Write out the data below in full, unchanged, minus the images.
──────────────────────────────
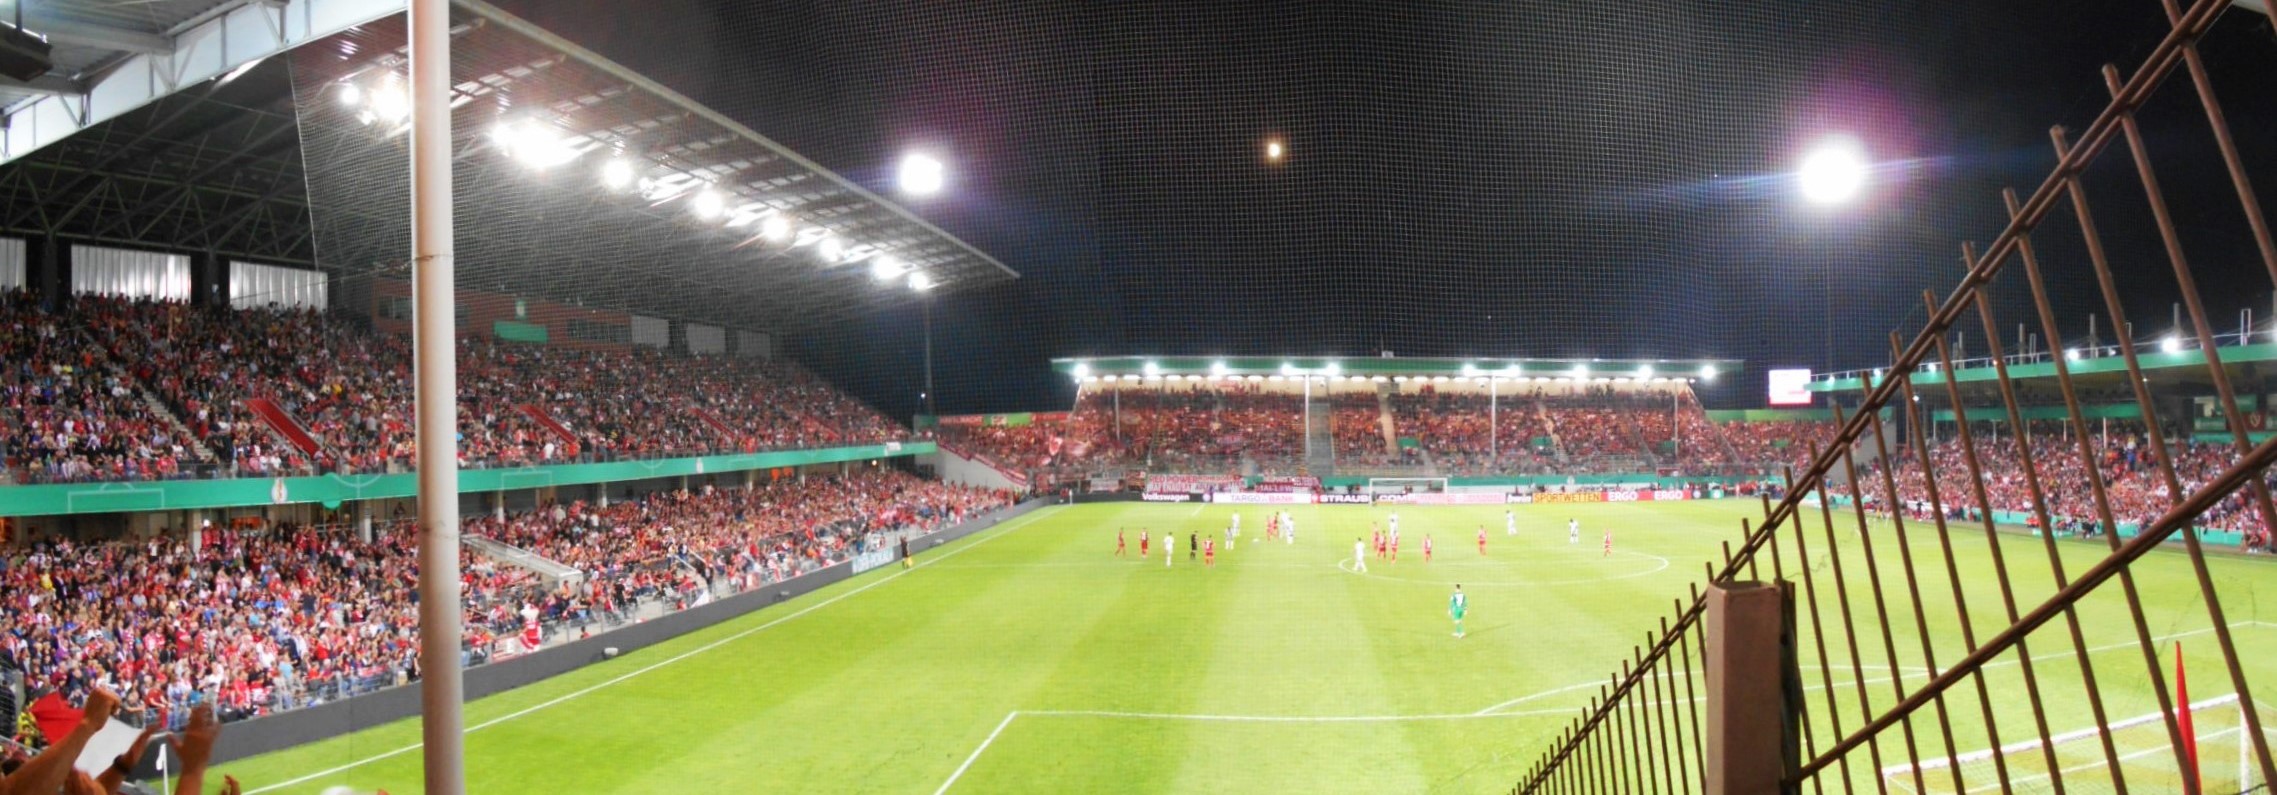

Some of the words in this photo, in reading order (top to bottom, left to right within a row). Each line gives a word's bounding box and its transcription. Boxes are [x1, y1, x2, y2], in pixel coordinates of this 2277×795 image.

[1142, 493, 1190, 502] Volkswagen
[1534, 492, 1600, 502] SPORTWETTEN
[1608, 491, 1638, 501] ERGO
[1653, 490, 1683, 500] ERGO
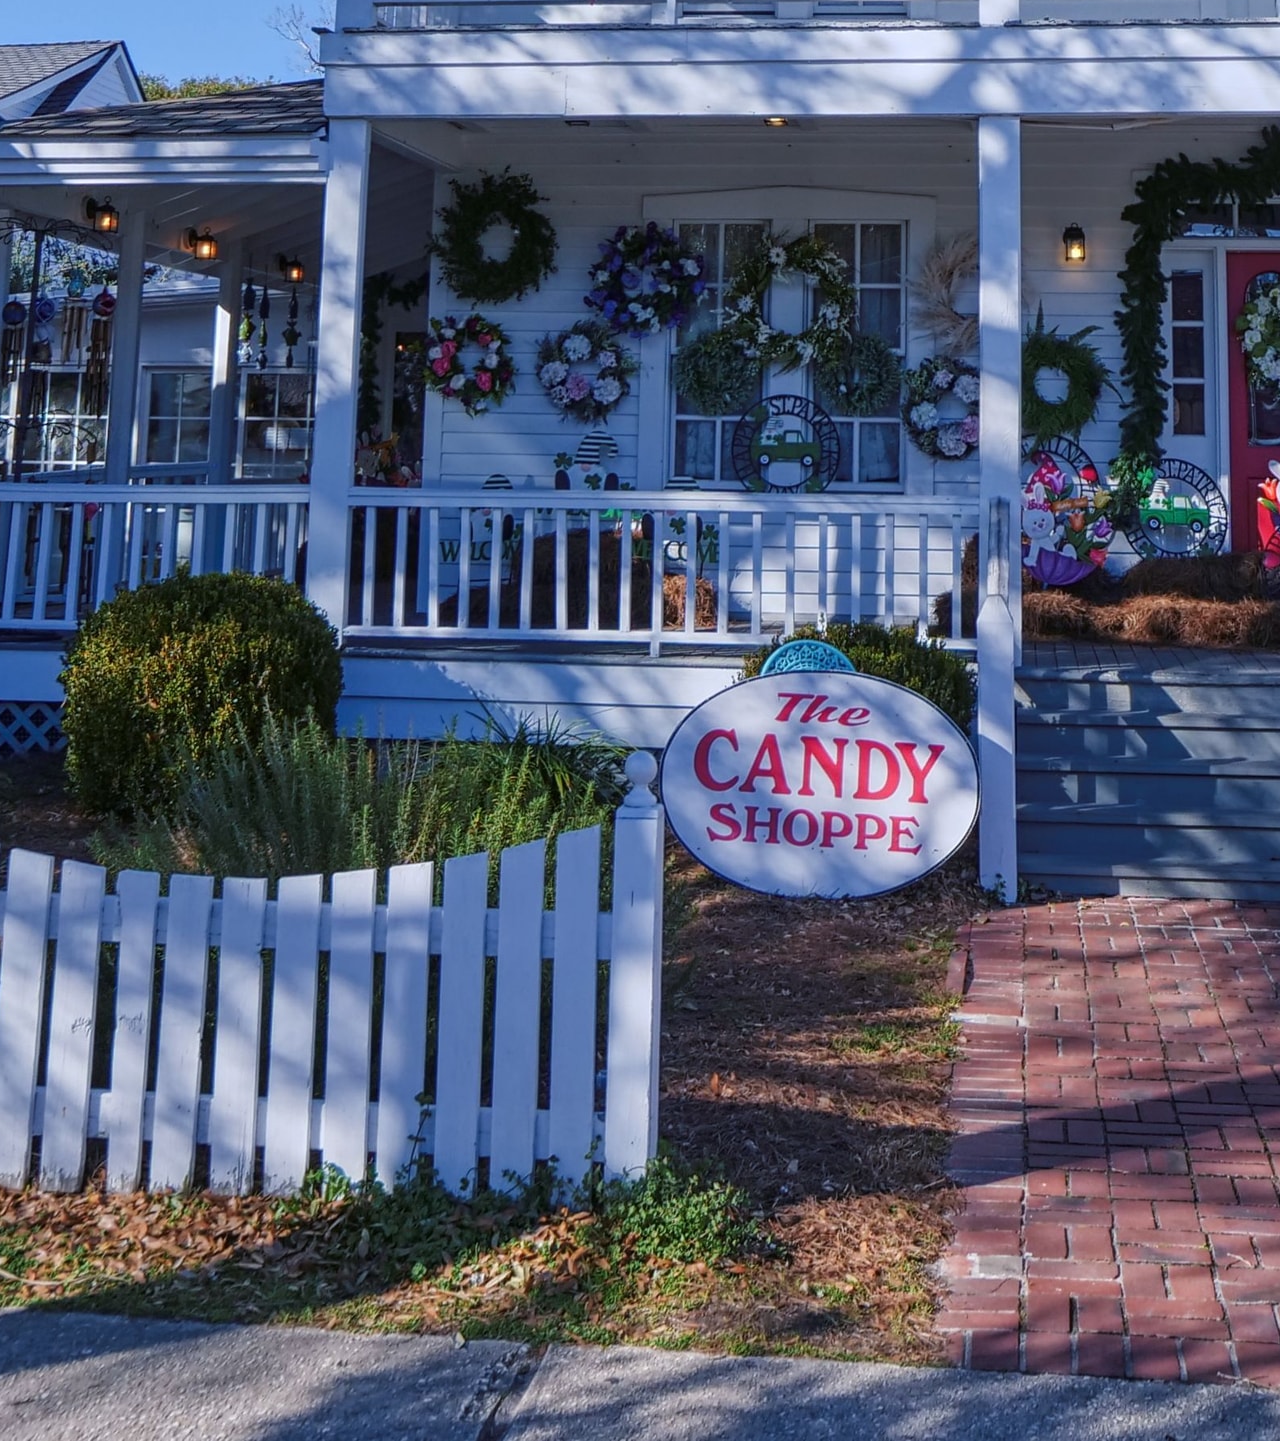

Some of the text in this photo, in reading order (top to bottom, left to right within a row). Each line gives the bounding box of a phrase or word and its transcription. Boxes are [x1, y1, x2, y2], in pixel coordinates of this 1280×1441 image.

[775, 692, 871, 727] The
[693, 728, 946, 805] CANDY
[706, 802, 923, 856] SHOPPE
──────────────────────────────
◆ Written response
Some of the words in this photo, in reading order (top to bottom, left to right within a row). Each line gives a word's bounding box and its transcription. Boxes are [x1, y1, x2, y2], in pixel coordinates of this 2277×795 image.

[1142, 493, 1190, 502] Volkswagen
[1534, 492, 1600, 502] SPORTWETTEN
[1608, 491, 1638, 501] ERGO
[1653, 490, 1683, 500] ERGO

Some of the text in this photo, in reading order (top to bottom, left to right within a row). Each line gives the bounding box of a phrase or word and its transcription. Boxes are [x1, y1, x2, y2], in pixel coordinates of this 1280×1441 image.

[775, 692, 871, 727] The
[693, 728, 946, 805] CANDY
[706, 802, 923, 856] SHOPPE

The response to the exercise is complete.